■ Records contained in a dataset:
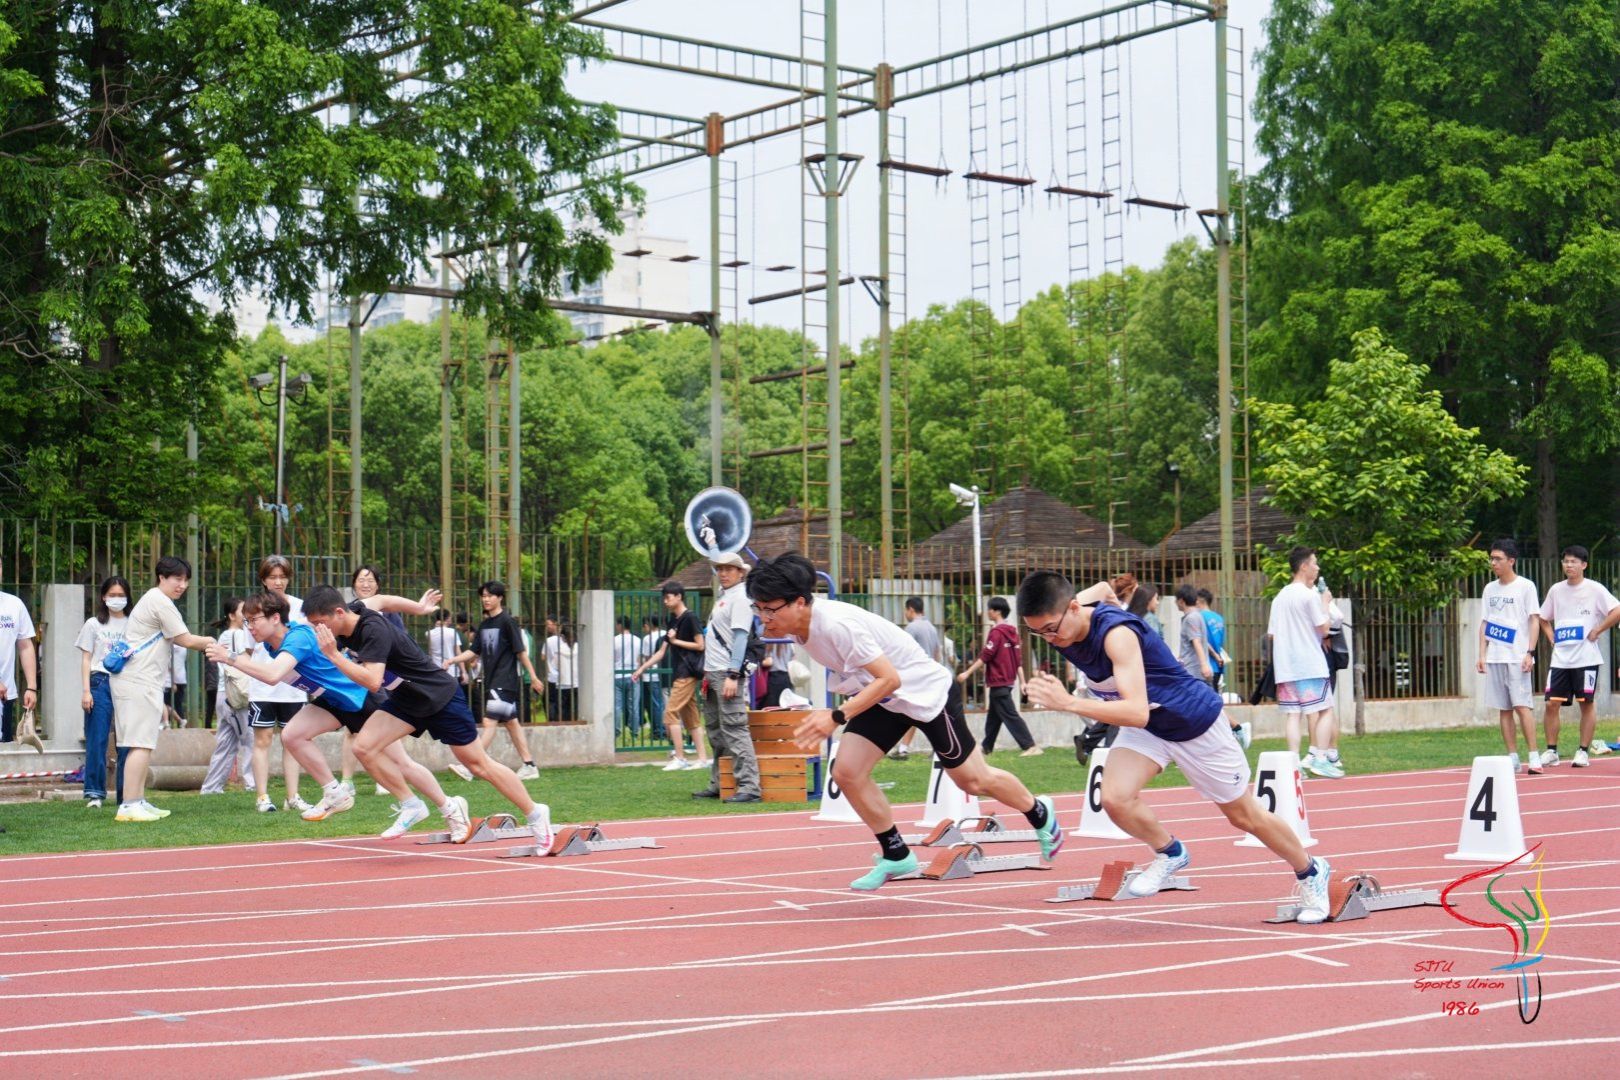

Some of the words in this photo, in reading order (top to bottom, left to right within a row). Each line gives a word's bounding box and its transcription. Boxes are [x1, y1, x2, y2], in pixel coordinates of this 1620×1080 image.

[1489, 625, 1509, 640] 0214
[1557, 628, 1577, 640] 0514
[1089, 765, 1104, 813] 6
[1257, 770, 1276, 814] 5
[1294, 769, 1305, 820] 5
[1470, 776, 1497, 832] 4
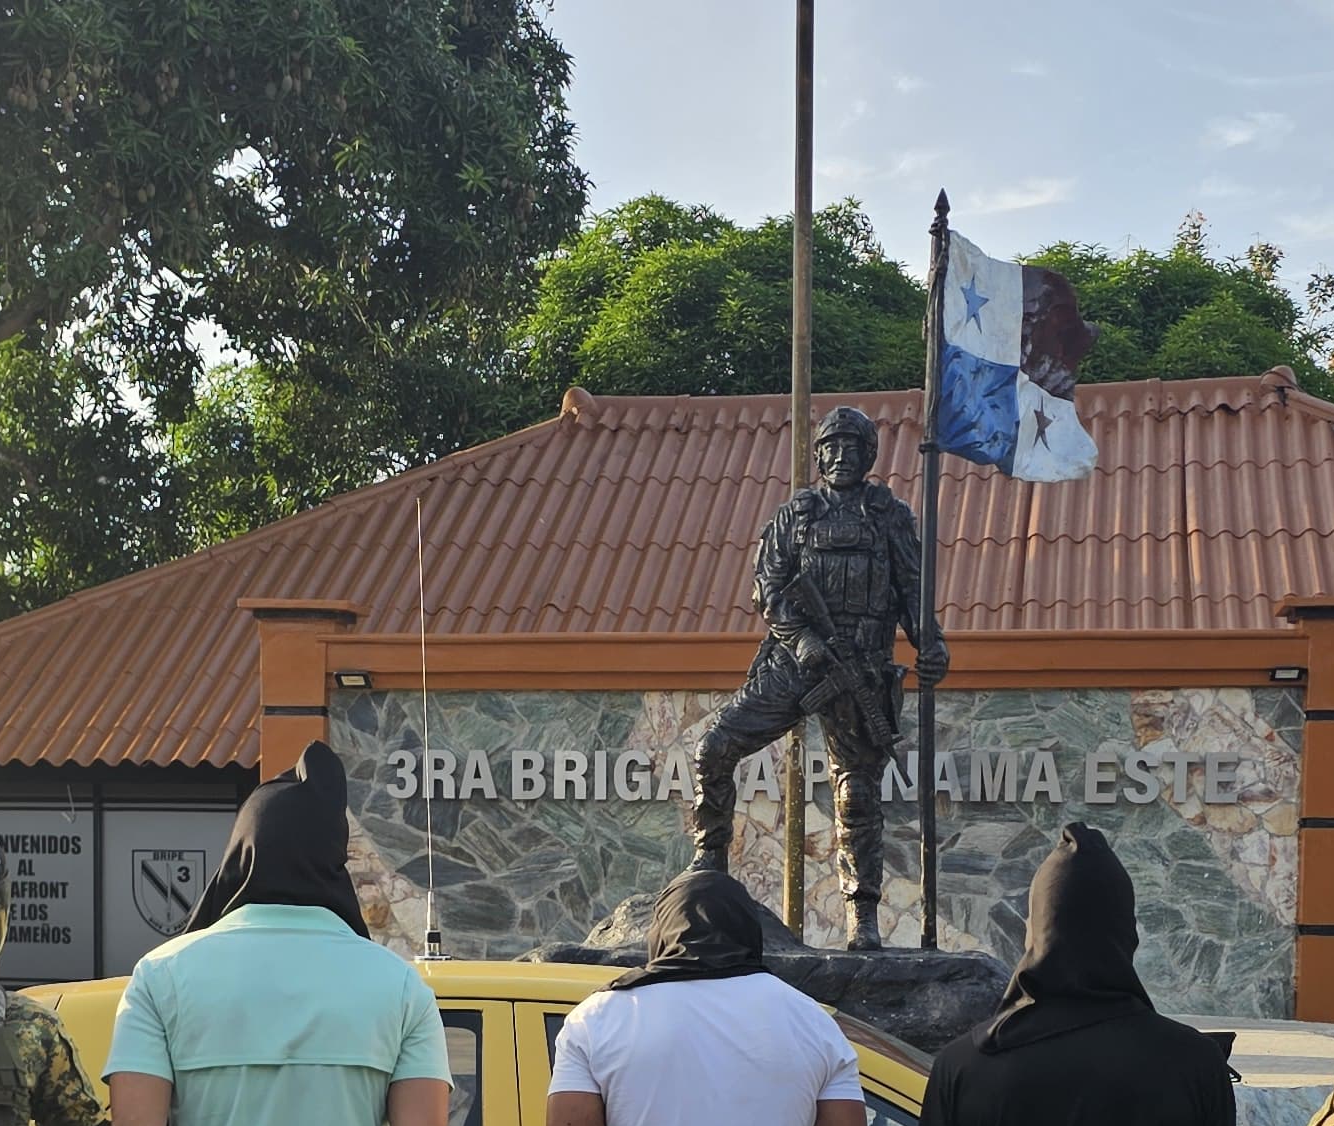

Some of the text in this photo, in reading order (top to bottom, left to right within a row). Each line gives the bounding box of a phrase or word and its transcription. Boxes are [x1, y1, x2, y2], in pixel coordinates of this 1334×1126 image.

[386, 749, 498, 800] 3RA
[511, 749, 781, 801] BRIGAA
[1085, 750, 1238, 804] ESTE
[17, 859, 35, 876] AL
[177, 866, 190, 883] 3
[11, 881, 69, 899] AFRONT
[21, 904, 48, 921] LOS
[8, 923, 71, 944] AMEÑOS
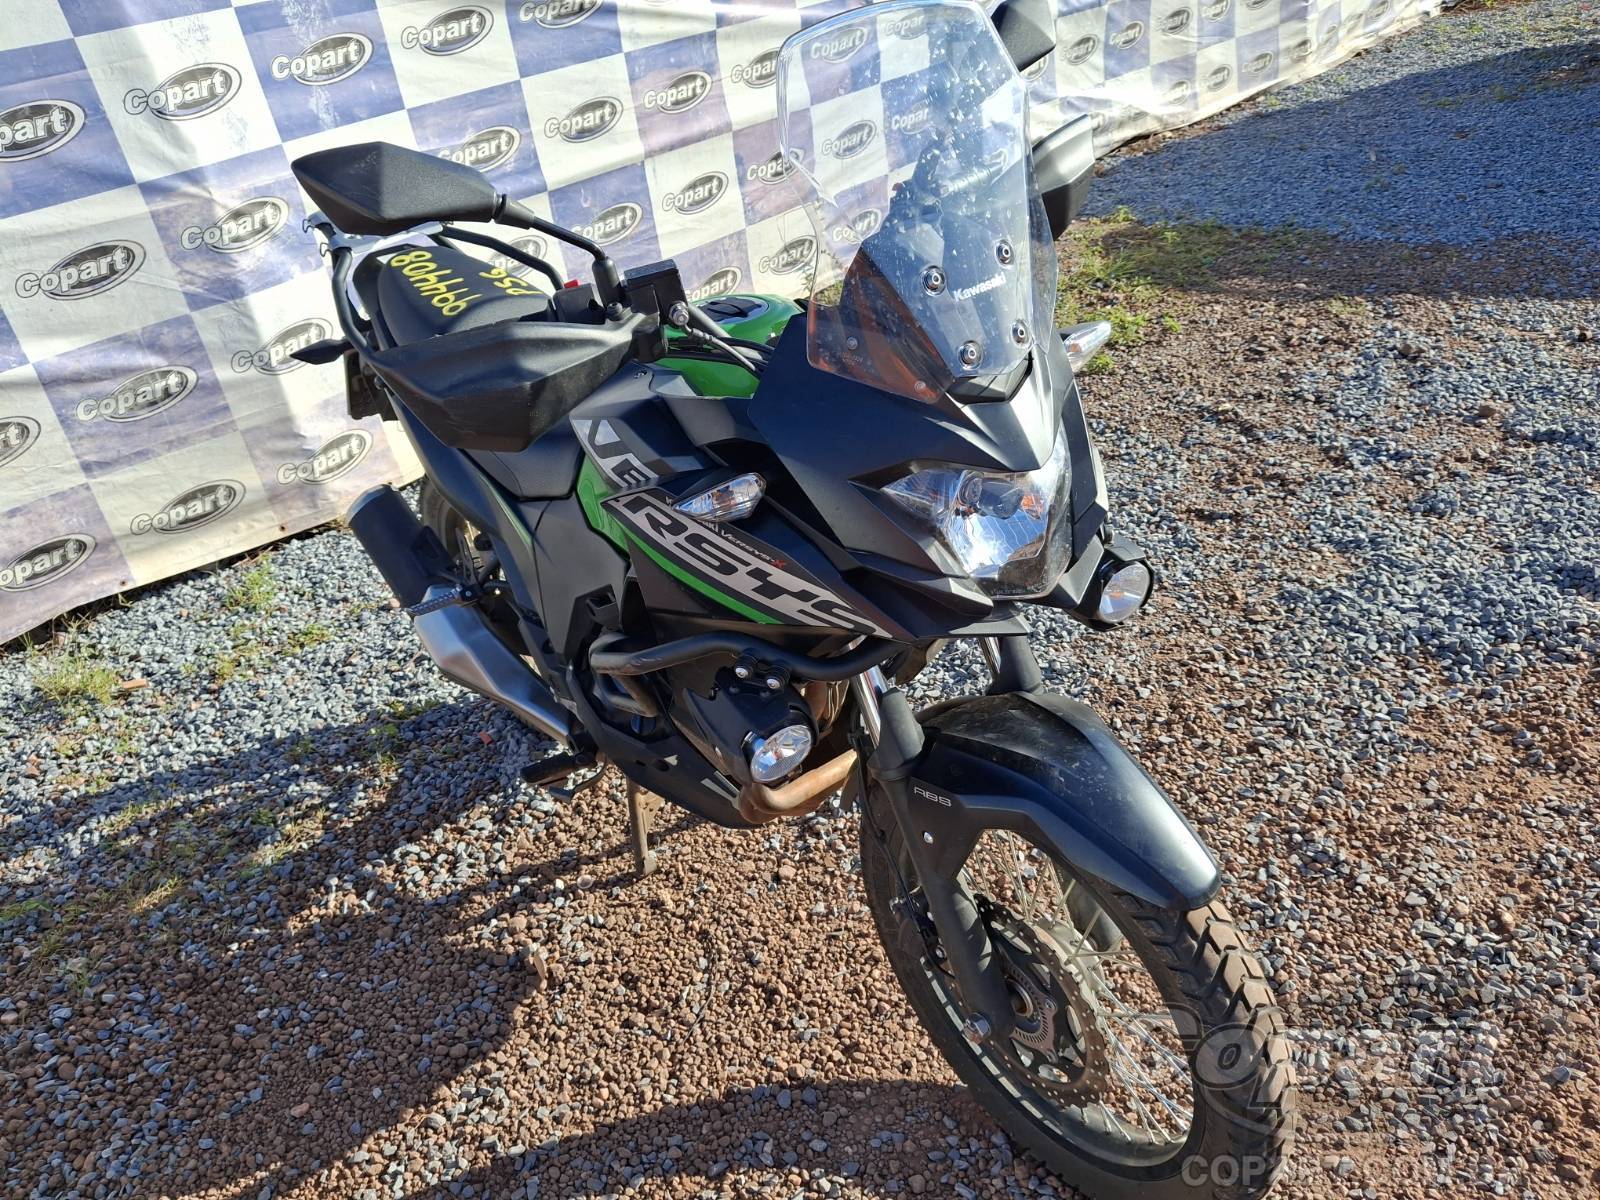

■ EXERCISE DETAILS:
What I need is every record written out exactly, minus the pictures.

■ RESULT OF THIS TASK:
Some of the words in this photo, in reading order (top to bottom, left to right within a row). Each line gives a word's bounding box and its transcription. Boxes are [x1, y1, x2, y2], in pixel coordinates of this 1620×1080 image.

[1489, 625, 1509, 640] 0214
[1557, 628, 1577, 640] 0514
[1089, 765, 1104, 813] 6
[1257, 770, 1276, 814] 5
[1294, 769, 1305, 820] 5
[1470, 776, 1497, 832] 4

Some of the text in this photo, in reading order (top to bottom, left to right within a row). Each line gives the bounding box of a phrase or word and its transcription. Boxes are [x1, y1, x2, y2], in pixel coordinates of this 1334×1126 image.

[386, 749, 498, 800] 3RA
[511, 749, 781, 801] BRIGAA
[1085, 750, 1238, 804] ESTE
[17, 859, 35, 876] AL
[177, 866, 190, 883] 3
[11, 881, 69, 899] AFRONT
[21, 904, 48, 921] LOS
[8, 923, 71, 944] AMEÑOS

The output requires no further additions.